О том, как выглядел чепец «Суворов» (Souvarove), тоже узнаём из прессы: «Цветом бледно-красный. Правая оного сторона подкалывается, нижний край опушается черными перьями, которые также наискось около тульи обвиваются».
Справедливости ради добавлю, что не во всякое время мода потакала монаршим желаниям и не всегда была квасной патриоткой. К примеру, в 1791–1792 годах смелые щеголихи обзавелись красными шапками, скопированными с колпаков парижских революционеров-санкюлотов. Для одних они были милой забавой, другие дамы, просвещенные в политике, выказывали колпаками свою поддержку революции. Реакция не заставила себя долго ждать: шапки объявили якобинскими, а дам — «опасными якобинками». В октябре 1792 года Николай Бантыш-Каменский, свидетель этого женского демарша, сообщал князю Александру Куракину: «В субботу призваны были к градоначальнику все marchandesses de modes (торговки модными товарами. —
А чтобы впредь аристократкам неповадно было форсить в революционных вещицах, императрица распорядилась, чтобы каждая приезжающая ко двору дама носила черное траурное платье по казненному Людовику XVI. В середине марта 1793 года траур сняли, но и всплесков якобинской моды в Петербурге уже не наблюдалось.

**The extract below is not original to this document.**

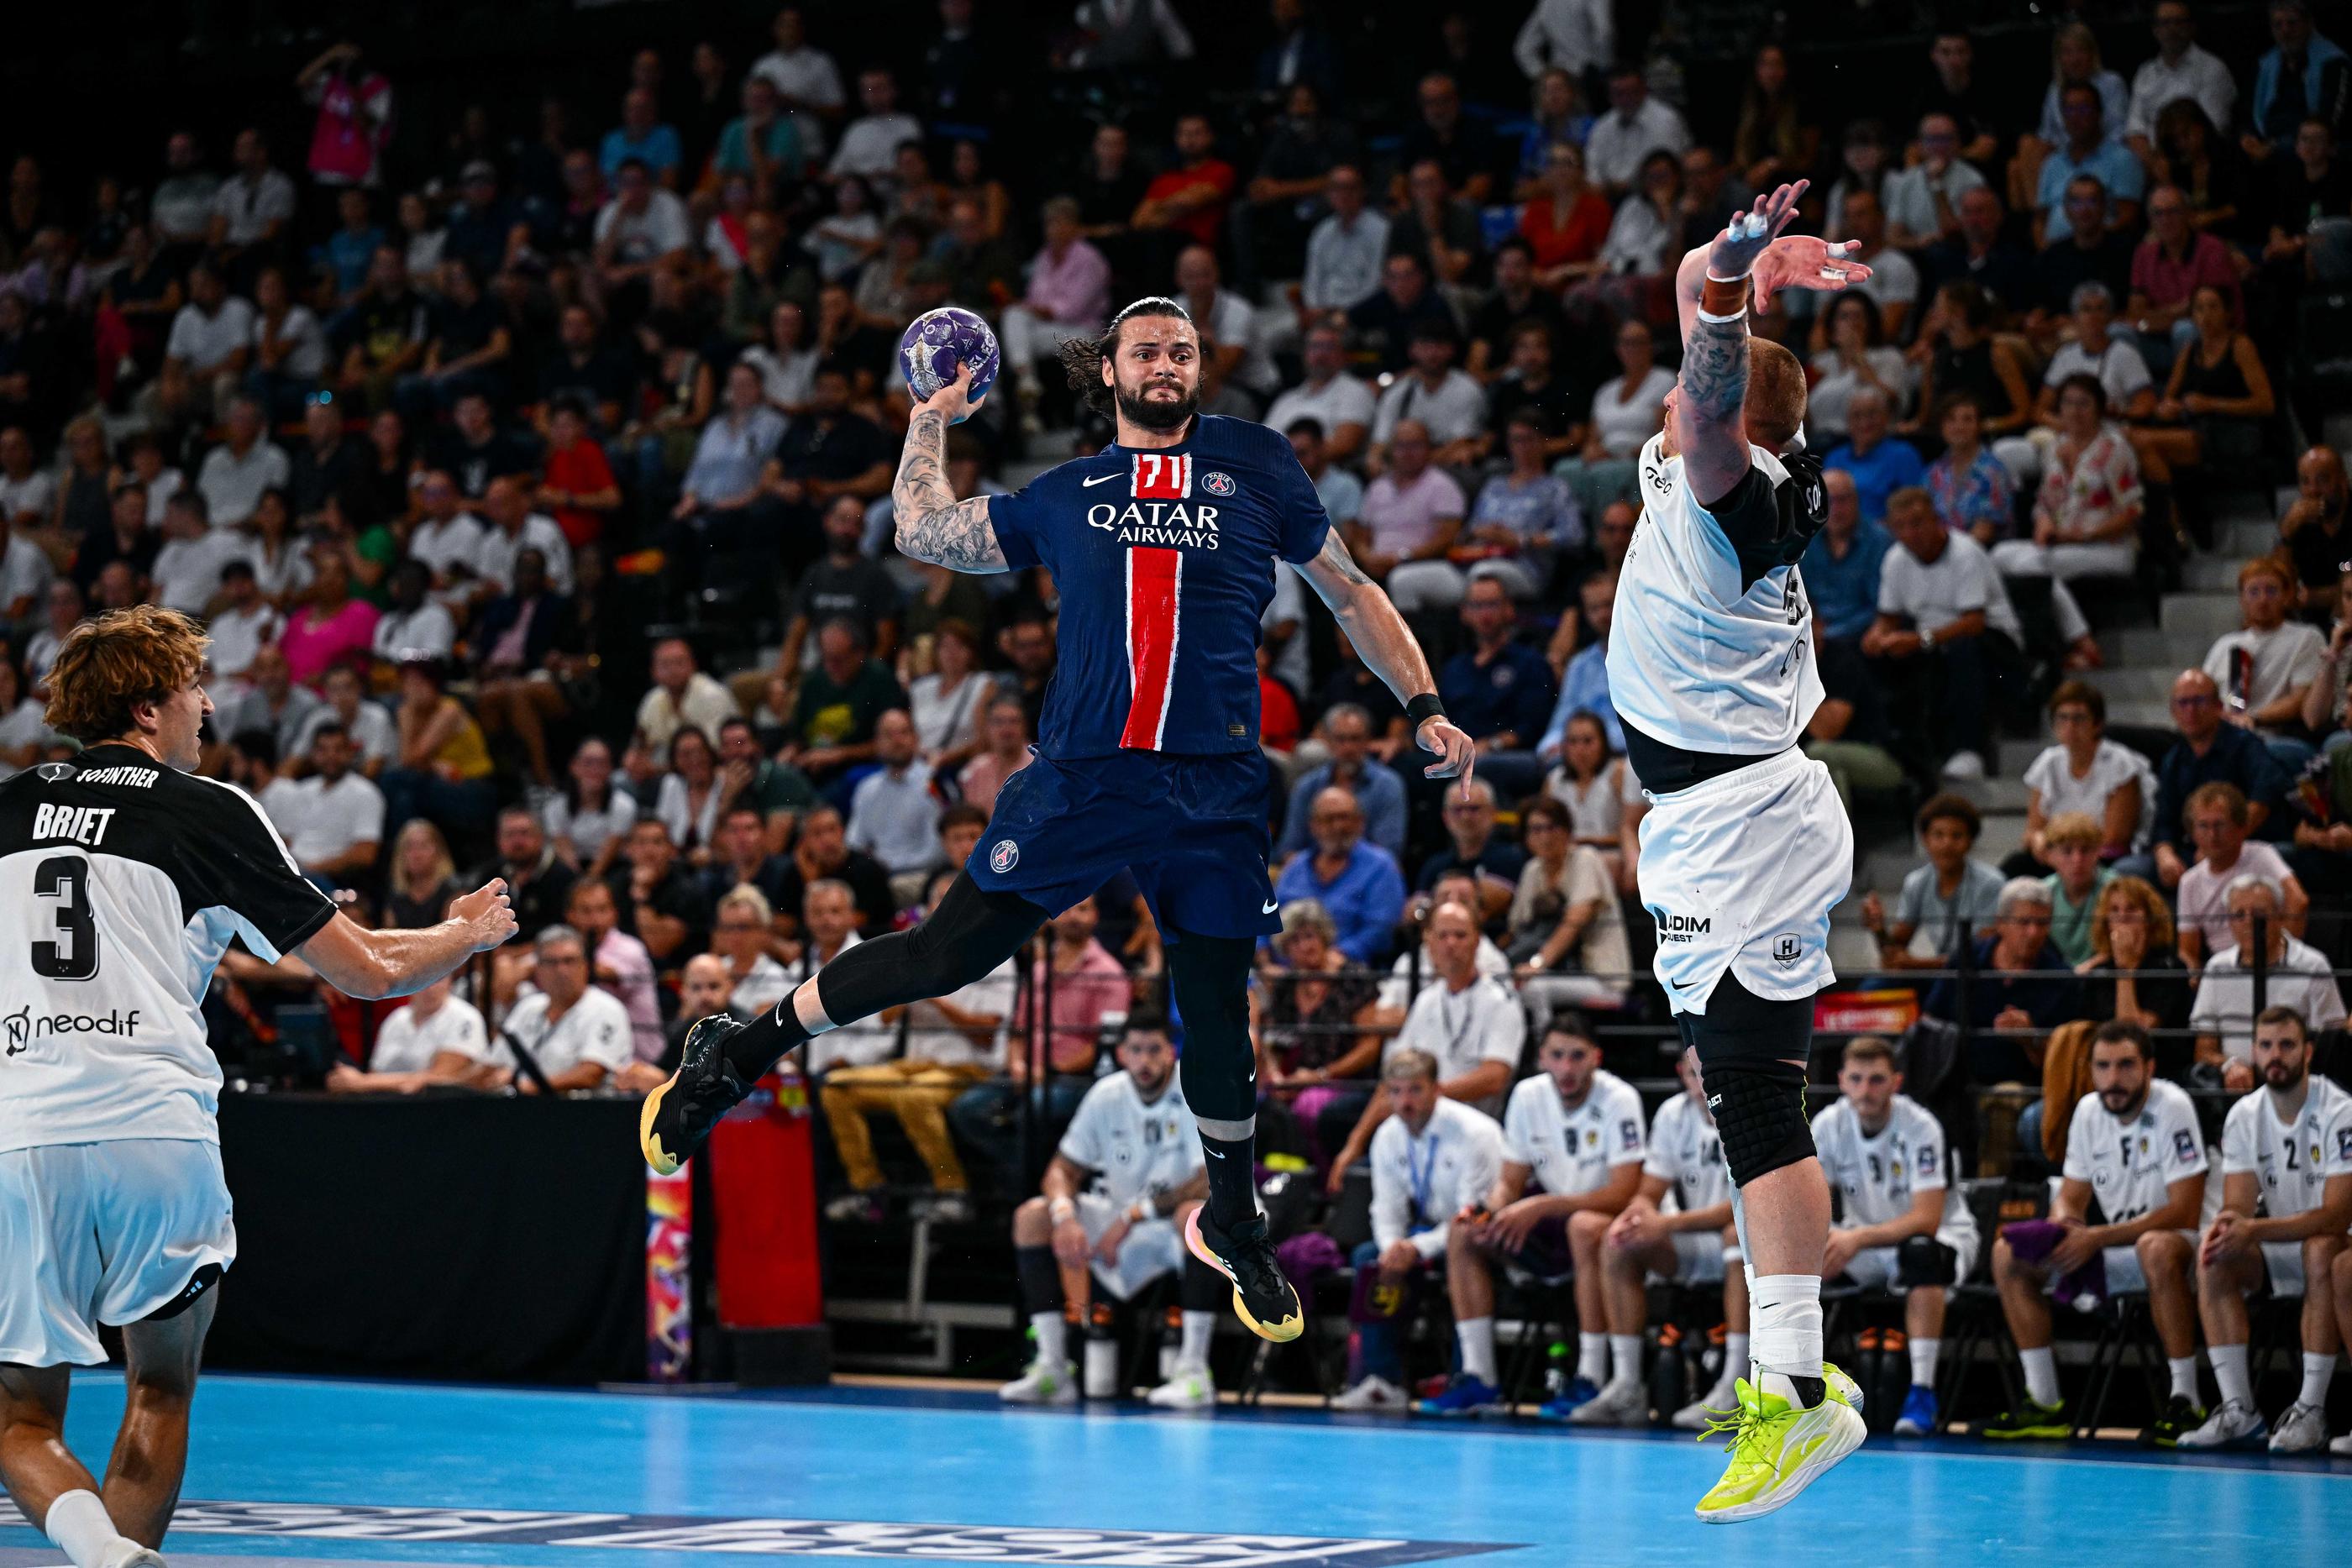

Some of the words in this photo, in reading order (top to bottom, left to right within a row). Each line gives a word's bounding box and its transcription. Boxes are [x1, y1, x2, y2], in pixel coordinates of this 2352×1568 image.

Русский костюм реагировал даже на события, не имевшие к России отношения. В 1778 году, в разгар Войны за независимость Соединенных Штатов Америки, произошел бой между английской и французской эскадрами. В нем отличились фрегат Belle Poule и его капитан Шадо де ла Клошетри, давший дерзкий отпор британцам. Вести о победе донеслись до Версаля, и куаферы стали мастерить один за другим пуфы, названные Belle Poule: на высоком парике из шерсти яка они устанавливали уменьшенную копию фрегата. Это была сенсация. Модницы Европы и Америки вмиг обзавелись похожими конструкциями. В 1779 году их изображения появились на страницах русского журнала «Модное ежемесячное сочинение». Вероятно, тогда же в Петербурге были опробованы и первые образцы «бель пуллей».
Один из вариантов пуфа «бель пулль» под названием «Независимость, или Триумф свободы».
Франция, начало 1790-х гг.
РУССКИЙ СТИЛЬ КАК ПРОПАГАНДА
Императрица Екатерина II понимала политическую и военную силу народного костюма. Ее немецкое происхождение, путь, которым она завоевала трон, ее внешняя политика объясняют похвальную верность русскому стилю. Он был одним из способов воздействия на общество. Впервые Екатерина прибегла к нему во время коронационных празднеств, на уличном трехдневном маскараде «Торжествующая Минерва», устроенном в начале 1763 года в Москве.
Действо должен был понять даже простой люд, поэтому участниками картин стали шуты, скоморохи, зазывалы, чумаки с балалайками, а сами картины срежиссировали в жанре народных комедий и балаганов. Екатерина наблюдала за происходящим из окон дома Бецкого. На ней было алое бархатное платье в народном вкусе, унизанное крупным жемчугом.
Обращение к национальному стилю тогда, в 1763 году, было важно царице по нескольким причинам. Во-первых, она знала, что аристократы и простые русские солдаты не одобряли нововведения Петра III. Екатерина понимала, что простой люд может невзлюбить и ее — именно за прусское происхождение. Поэтому сразу же после коронации устроила русское празднество и принимала в нем участие, одетая в стилизованный народный костюм. Показная любовь ко всему отечественному должна была подкупить публику.
Другой причиной обращения императрицы к народным мотивам была попытка оправдать организованный ею государственный переворот. Немка, русская душою, свергла русского императора, пруссака до мозга костей. Вступив на трон, она выказывала свою любовь ко всему русскому. В пику свергнутому супругу она демонстрировала преданность православию и отправилась в паломничество в Троицкий монастырь практически сразу после коронации.
Новую вспышку интереса к русскому костюму спровоцировала начавшаяся в 1768 году Русско-турецкая война. Элементы народного стиля были необходимы императрице, чтобы превратиться в символ Отечества. Внешняя угроза стала катализатором «русификации» облика императрицы, а громкие победы над турками добавили в формирующийся стиль османские и восточноевропейские «трофейные» ноты.
Доказательство того, что именно война спровоцировала появление нового русско-славянского костюма Екатерины, содержится в «Камер-фурьерских журналах» за 1770 год. В день празднования Пасхи, 4 апреля, «императрица соизволила быть в Славянском платье». До этого дня его упоминания не встречаются, значит, наряд был только что сшит, возможно, к Пасхе.